*TASK BRIEF:*
The expected output is the line bearing "this 1250×1741 image." followed by all remaining lines of the records, each restated word for word.

*INPUT:*
--- START ---

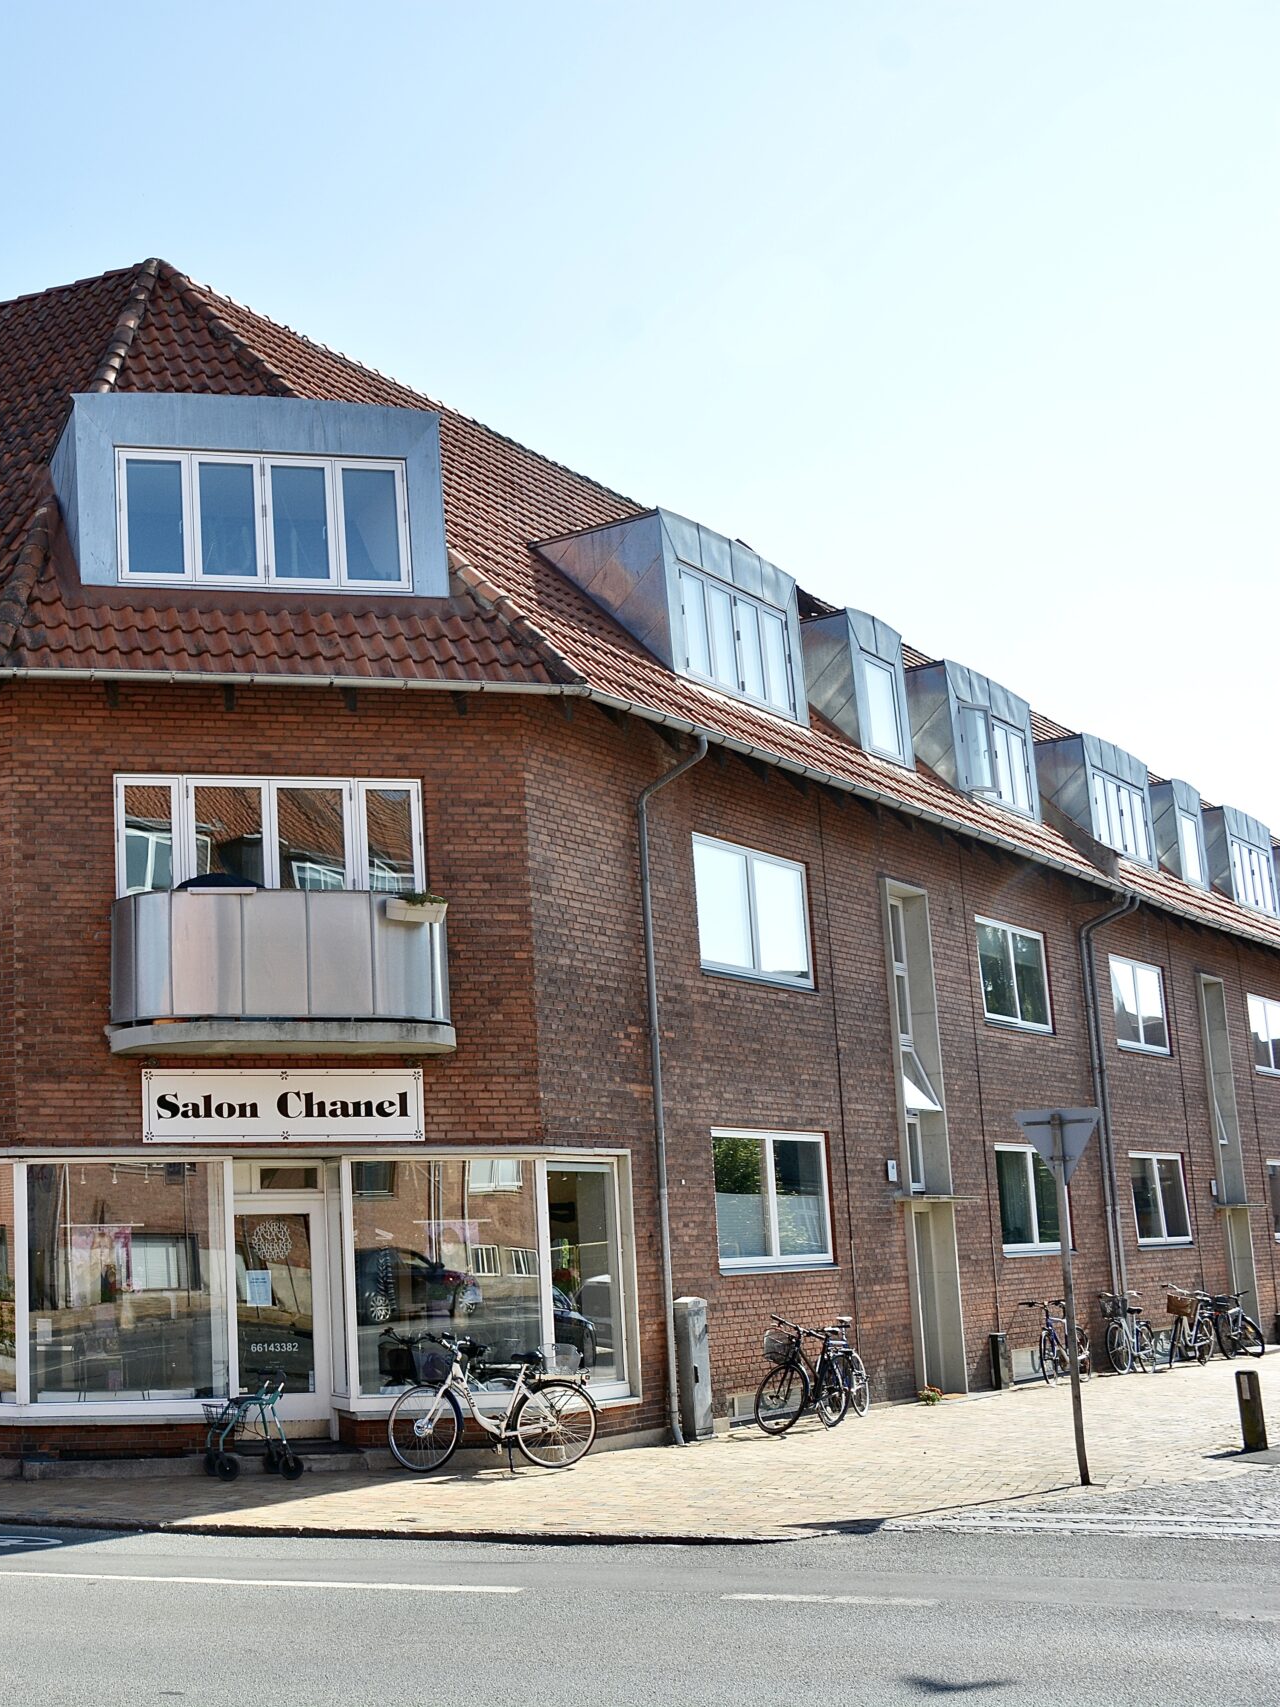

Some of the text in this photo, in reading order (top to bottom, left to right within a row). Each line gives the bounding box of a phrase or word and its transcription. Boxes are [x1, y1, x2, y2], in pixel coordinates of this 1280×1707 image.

[156, 1090, 410, 1121] Salon Chanel
[250, 1342, 299, 1353] 66143382
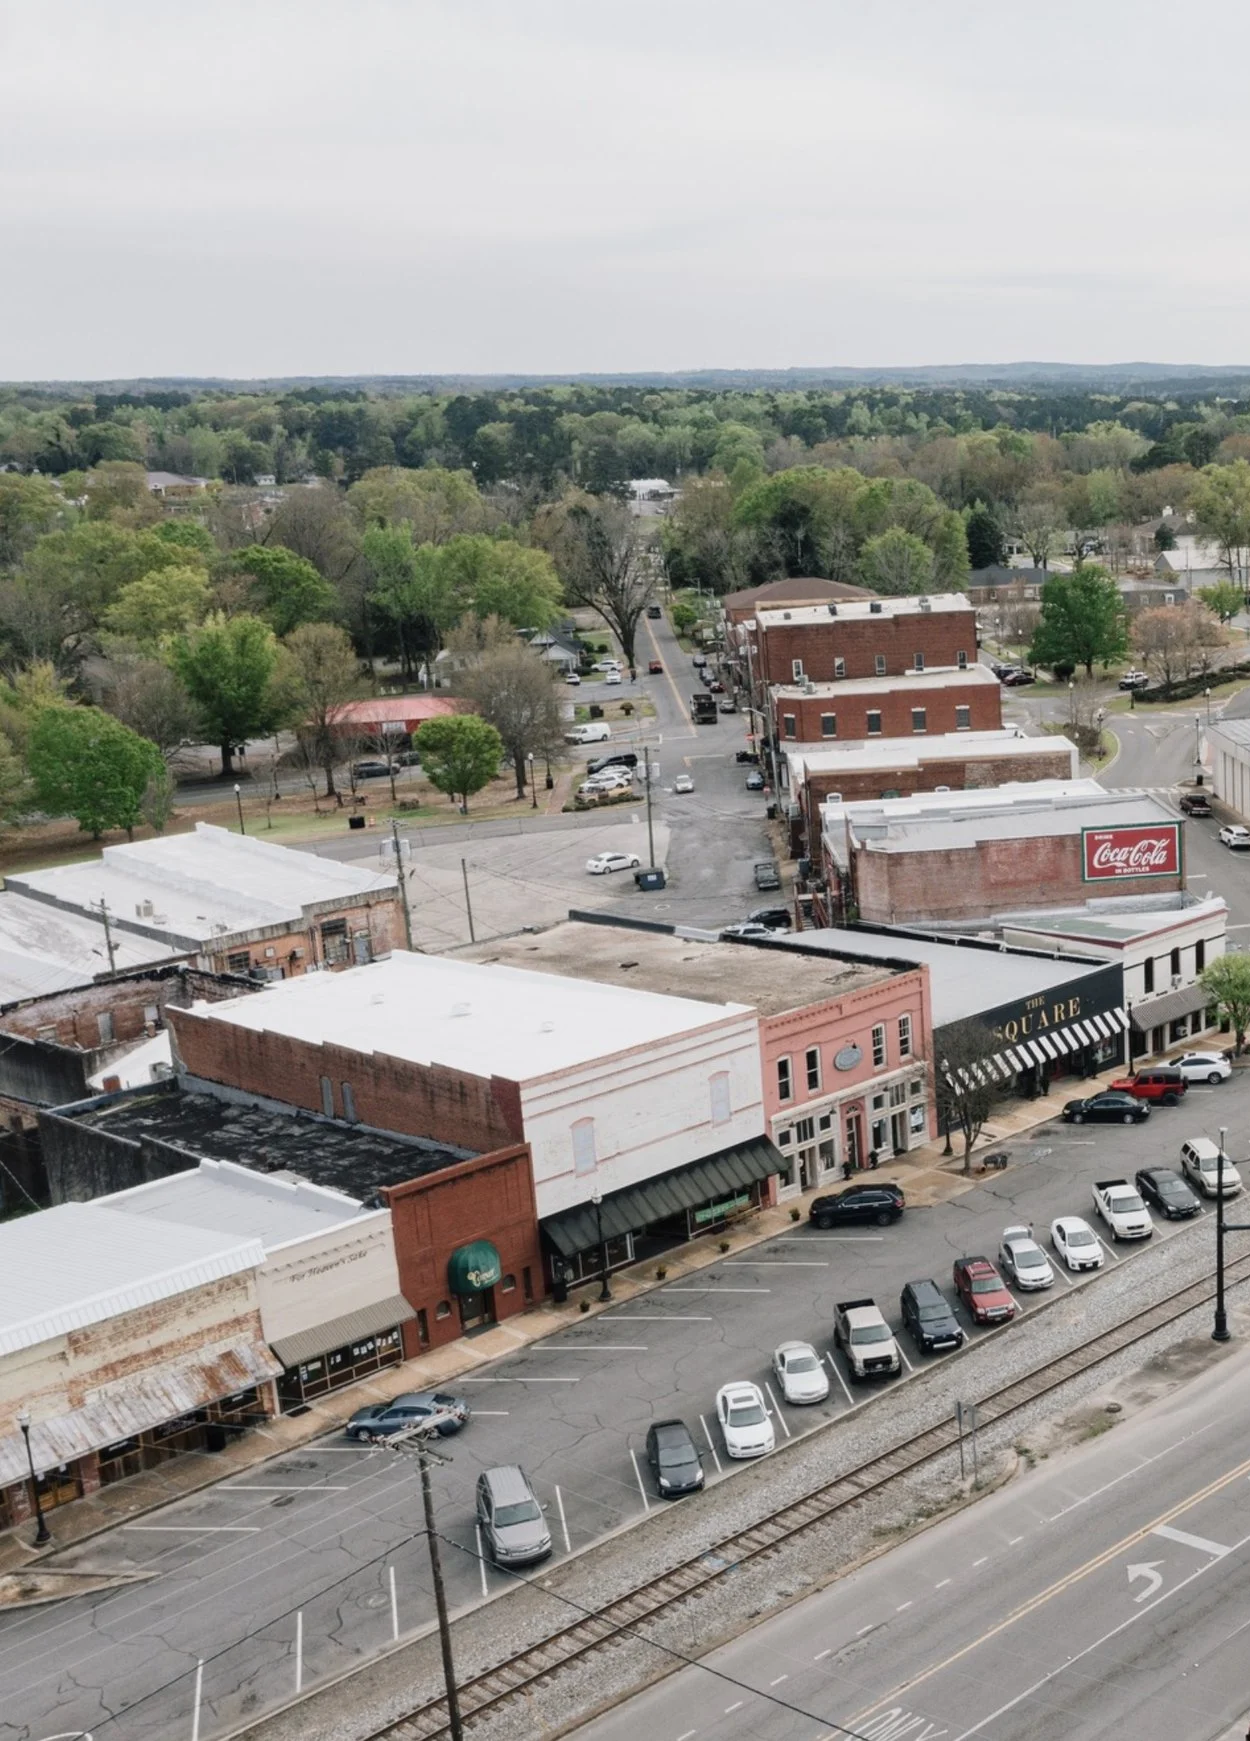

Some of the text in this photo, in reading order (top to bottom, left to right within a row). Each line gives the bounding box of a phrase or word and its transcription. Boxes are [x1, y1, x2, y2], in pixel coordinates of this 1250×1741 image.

[1123, 866, 1150, 874] BOTTLES
[1025, 995, 1045, 1010] THE
[993, 996, 1081, 1043] SQUARE

--- END ---

*RESPONSE AREA:*
Some of the text in this photo, in reading order (top to bottom, left to right within a row). Each line gives the bounding box of a phrase or word and its transcription. Boxes are [x1, y1, x2, y2], in pixel coordinates of this 1250×1741 image.

[1123, 866, 1150, 874] BOTTLES
[1025, 995, 1045, 1010] THE
[993, 996, 1081, 1043] SQUARE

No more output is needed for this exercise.